Total RNA in colonic tissues was extracted using TRIzol reagent (Invitrogen, Carlsbad, CA, USA) and purified via lithium chloride precipitation [56]. cDNA was synthesized from 1 μg of total RNA. Real-time PCR was conducted using TB Green Premix Ex Taq II (TaKaRa, Tokyo, Japan) and performed in the Agilent Mx3005P system (Agilent Technologies, Santa Clara, CA, USA). The transcript levels of each gene were normalized to GAPDH and calculated using the 2−ΔΔCt method. The primers used are listed in Table 1.

4.7. Enzyme-Linked Immunosorbent Assays and Myeloperoxidase Activity (MPO)

Samples of the colon were homogenized in ice-cold PBS at a ratio of 1:9 (w/v) and centrifuged at 12,000× g for 15 min at 4 °C. Inflammation-related cytokines were measured using a TNF-α ELISA kit (Boster, Wuhan, China) and a mouse IL-1β and IL-6 ELISA kit (BioLegend, San Diego, CA, USA). The colonic myeloperoxidase activity was measured using a biochemical kit (Nanjing Jiancheng Bioengineering Institute, Nanjing, China) as recommended by the manufacturer’s instructions.

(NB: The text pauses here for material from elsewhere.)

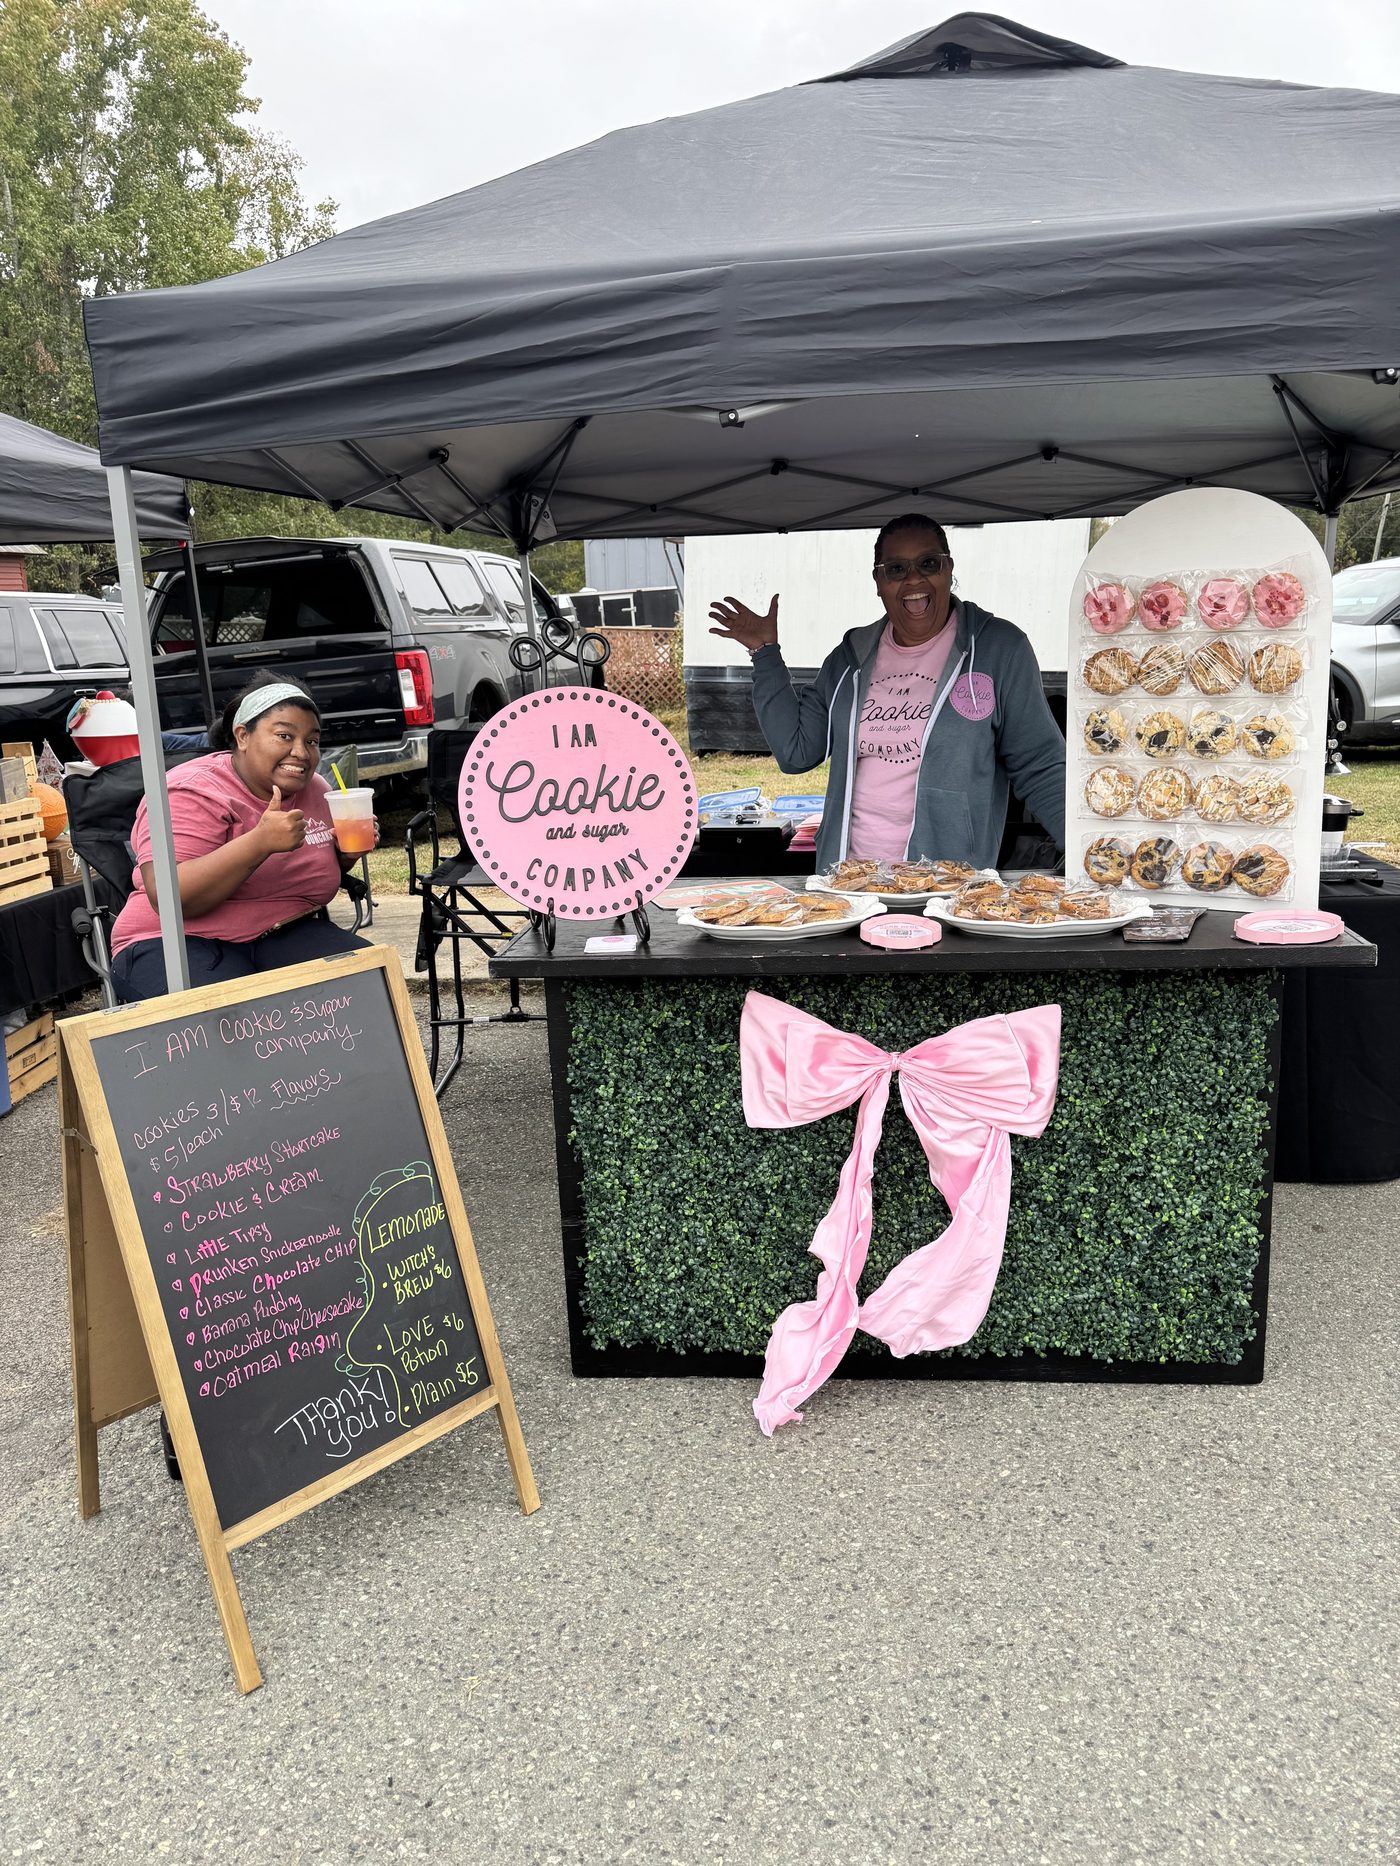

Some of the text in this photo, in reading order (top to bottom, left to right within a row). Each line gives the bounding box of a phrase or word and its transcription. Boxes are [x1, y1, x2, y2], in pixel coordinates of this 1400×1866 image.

4.8. Western Blot Analysis

Colonic tissue was homogenized in a Tissue Protein Extraction Reagent containing a 1% protease inhibitor cocktail and centrifuged at 12,000× g for 15 min to obtain lysates that were quantified with a BCA kit. A total of 30 μg of protein was electrophoresed via SDS-PAGE and then transferred to polyvinylidene fluoride (PVDF) membranes. Membranes were sequentially blocked with 5% skim milk for 1.5 h and incubated with antibodies against MUC2, ZO-1, and occludin at 4 °C overnight. After five 5 min washes in TBST, the membranes were then incubated with secondary antibody-conjugated HRP (1:5000, Abcam) for 1 h at room temperature, and the protein concentration was determined using an ECL kit. The reagents mentioned above were purchased from Thermo Fisher Scientific, Waltham, MA, USA, and the details of the antibodies are shown in Table S4. The results are expressed relative to the housekeeping gene β-actin. Finally, ImageJ software (1.8.0, National Institutes of Health, USA) was used to quantify the protein expression.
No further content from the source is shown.